Print the whole listing again exactly, keeping no pictures in it.
━━━━━ EXTRACTED ENTRIES
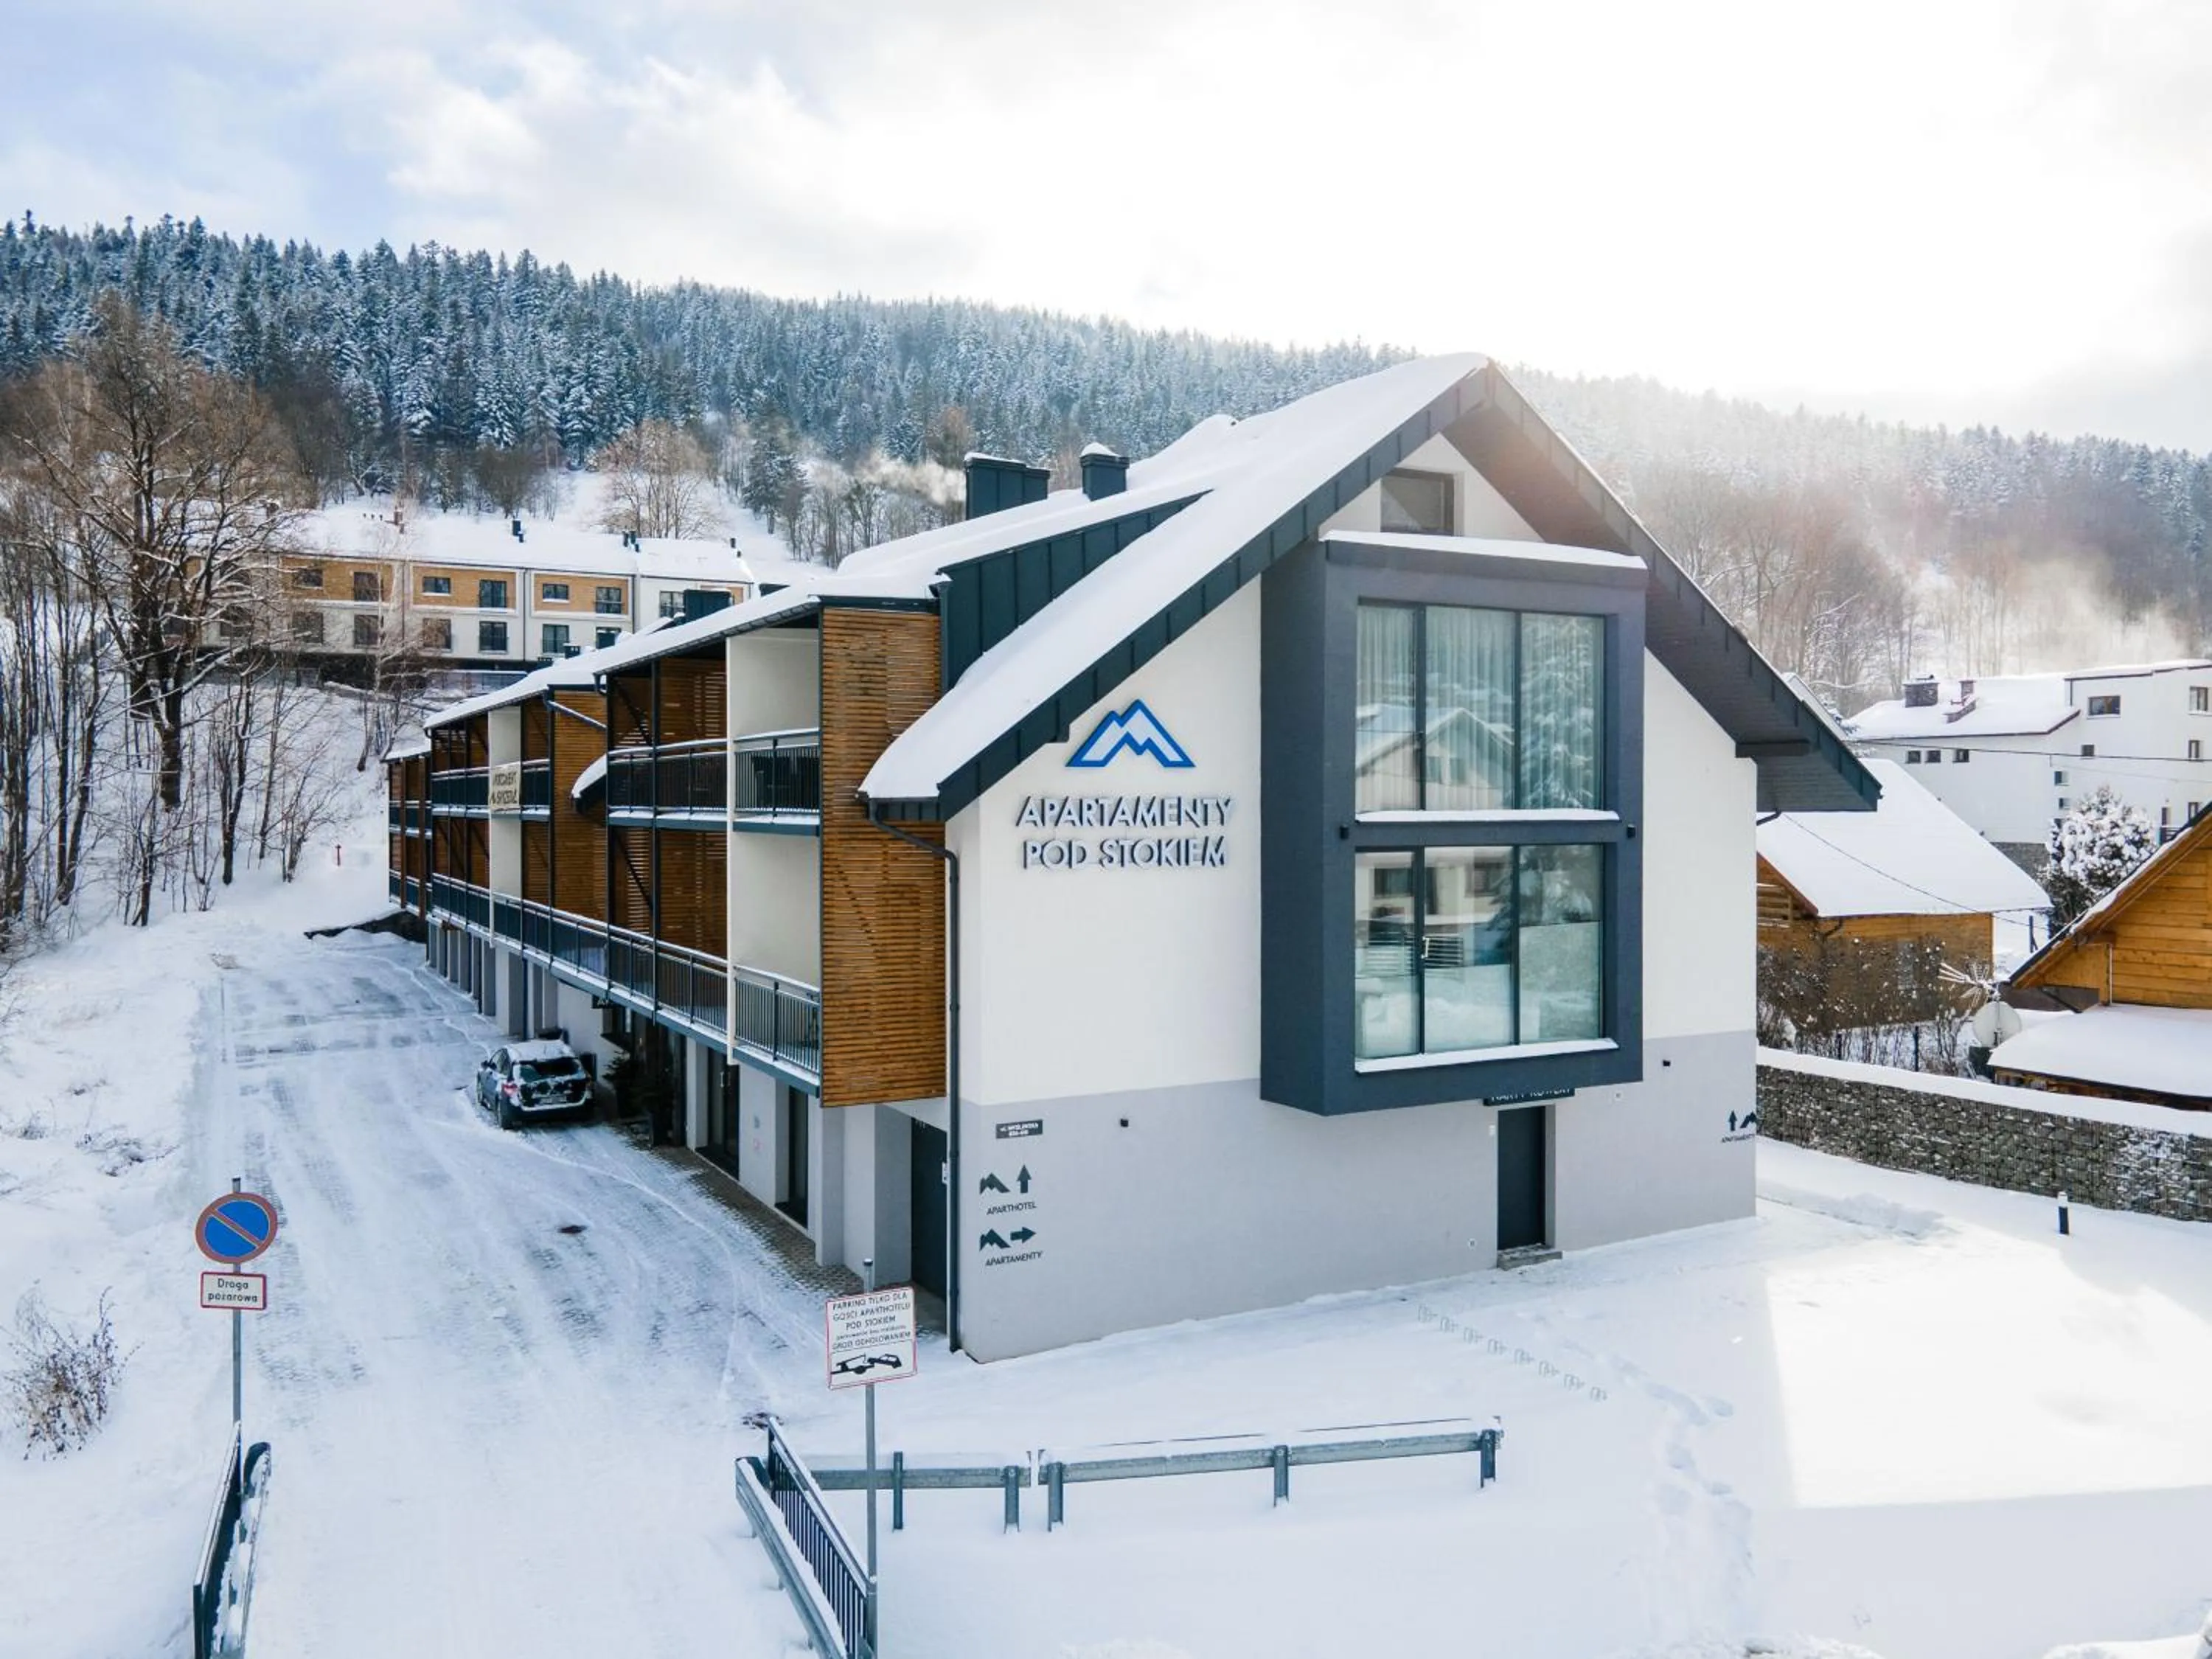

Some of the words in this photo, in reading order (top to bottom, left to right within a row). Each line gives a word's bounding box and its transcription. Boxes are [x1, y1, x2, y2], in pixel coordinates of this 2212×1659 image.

[1015, 796, 1232, 828] APARTAMENTY
[1023, 838, 1090, 869] POD
[1098, 835, 1228, 868] STOKIEM
[986, 1201, 1037, 1215] APARTHOTEL
[985, 1251, 1043, 1267] APARTAMENTY
[218, 1278, 248, 1291] Droga
[833, 1298, 866, 1310] PARKING
[846, 1321, 862, 1330] POD
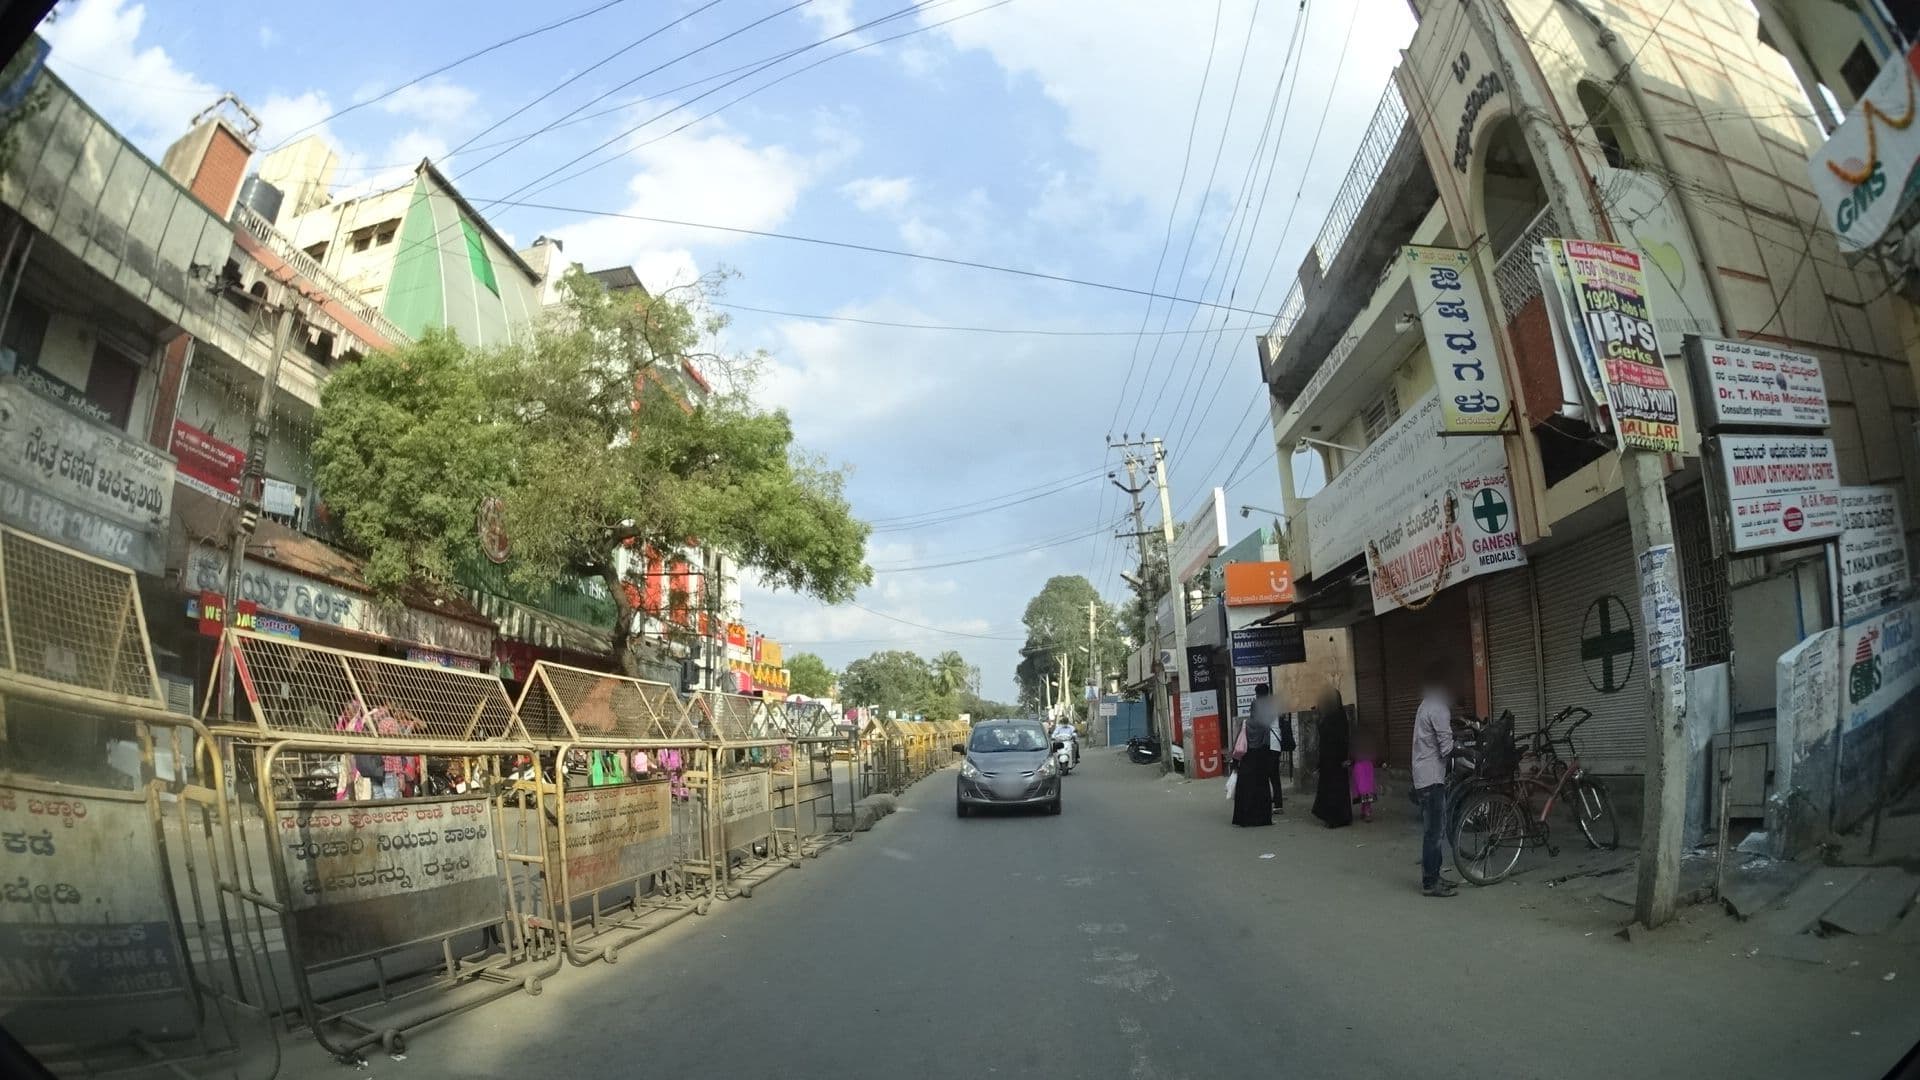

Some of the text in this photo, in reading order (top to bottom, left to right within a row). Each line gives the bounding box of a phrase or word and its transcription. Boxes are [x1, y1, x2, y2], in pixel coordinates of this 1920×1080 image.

[1719, 387, 1735, 400] Dr.
[1738, 389, 1748, 400] T.
[1750, 389, 1780, 405] Khaja
[1733, 465, 1766, 486] MUKUND
[1811, 462, 1835, 480] CENTRE
[1472, 533, 1519, 553] GANESH
[1479, 550, 1516, 566] MEDICALS
[204, 605, 257, 629] WEOME
[1238, 675, 1268, 684] Lenovo
[376, 831, 438, 851] ನಿಯಮ
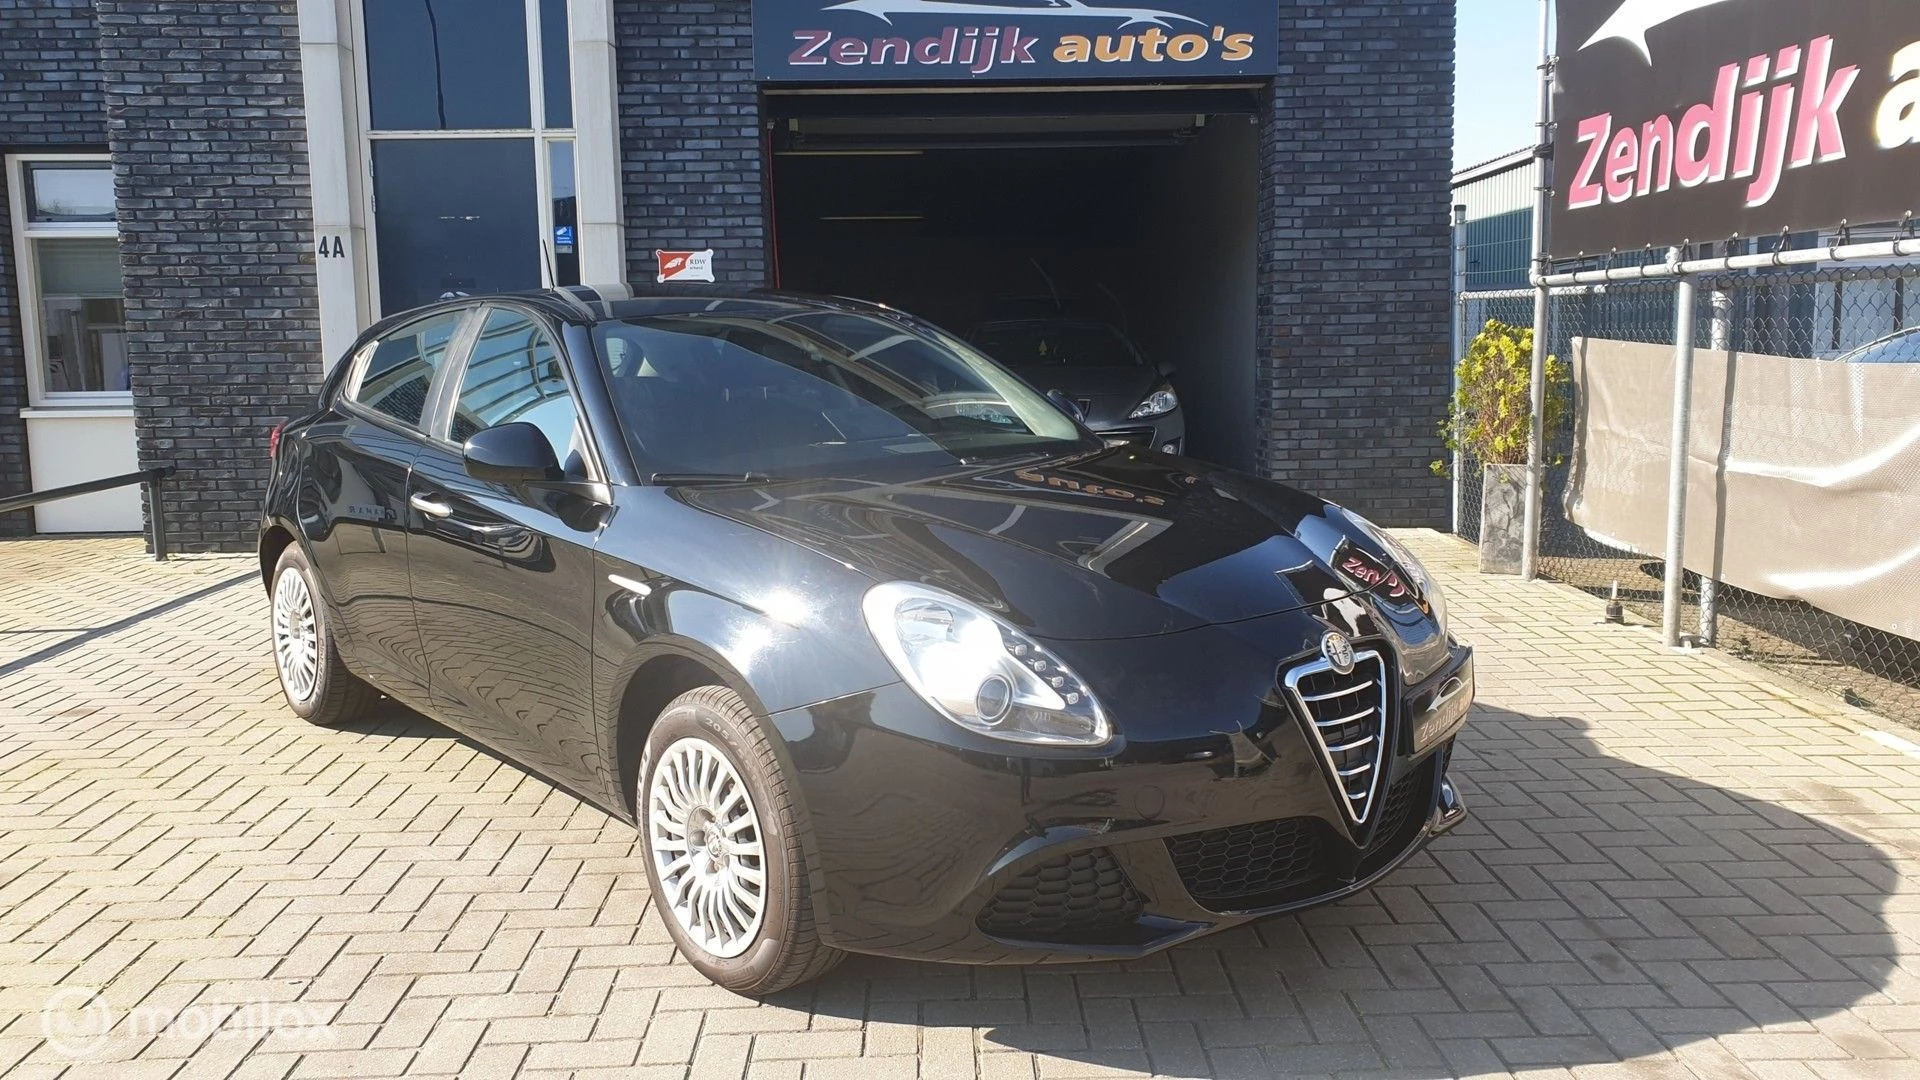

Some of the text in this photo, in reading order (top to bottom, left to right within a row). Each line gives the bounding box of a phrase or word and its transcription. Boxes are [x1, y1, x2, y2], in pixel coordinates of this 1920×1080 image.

[788, 25, 1254, 74] Zendijk auto's
[1567, 34, 1861, 210] Zendijk
[318, 235, 345, 258] 4A
━━━━━━━━━━
TASK ANSWER:
Some of the words in this photo, in reading order (top to bottom, left to right within a row). Each line gives a word's bounding box and its transcription. Boxes are [x1, y1, x2, y2], in pixel coordinates of this 2212×1659 image.

[1015, 796, 1232, 828] APARTAMENTY
[1023, 838, 1090, 869] POD
[1098, 835, 1228, 868] STOKIEM
[986, 1201, 1037, 1215] APARTHOTEL
[985, 1251, 1043, 1267] APARTAMENTY
[218, 1278, 248, 1291] Droga
[833, 1298, 866, 1310] PARKING
[846, 1321, 862, 1330] POD

Some of the text in this photo, in reading order (top to bottom, left to right within a row). Each line gives the bounding box of a phrase or word and its transcription. Boxes are [x1, y1, x2, y2], in pixel coordinates of this 1920×1080 image.

[1719, 387, 1735, 400] Dr.
[1738, 389, 1748, 400] T.
[1750, 389, 1780, 405] Khaja
[1733, 465, 1766, 486] MUKUND
[1811, 462, 1835, 480] CENTRE
[1472, 533, 1519, 553] GANESH
[1479, 550, 1516, 566] MEDICALS
[204, 605, 257, 629] WEOME
[1238, 675, 1268, 684] Lenovo
[376, 831, 438, 851] ನಿಯಮ

Some of the text in this photo, in reading order (top to bottom, left to right within a row). Each line gives the bounding box of a phrase or word and its transcription. Boxes are [x1, y1, x2, y2], in pixel coordinates of this 1920×1080 image.

[788, 25, 1254, 74] Zendijk auto's
[1567, 34, 1861, 210] Zendijk
[318, 235, 345, 258] 4A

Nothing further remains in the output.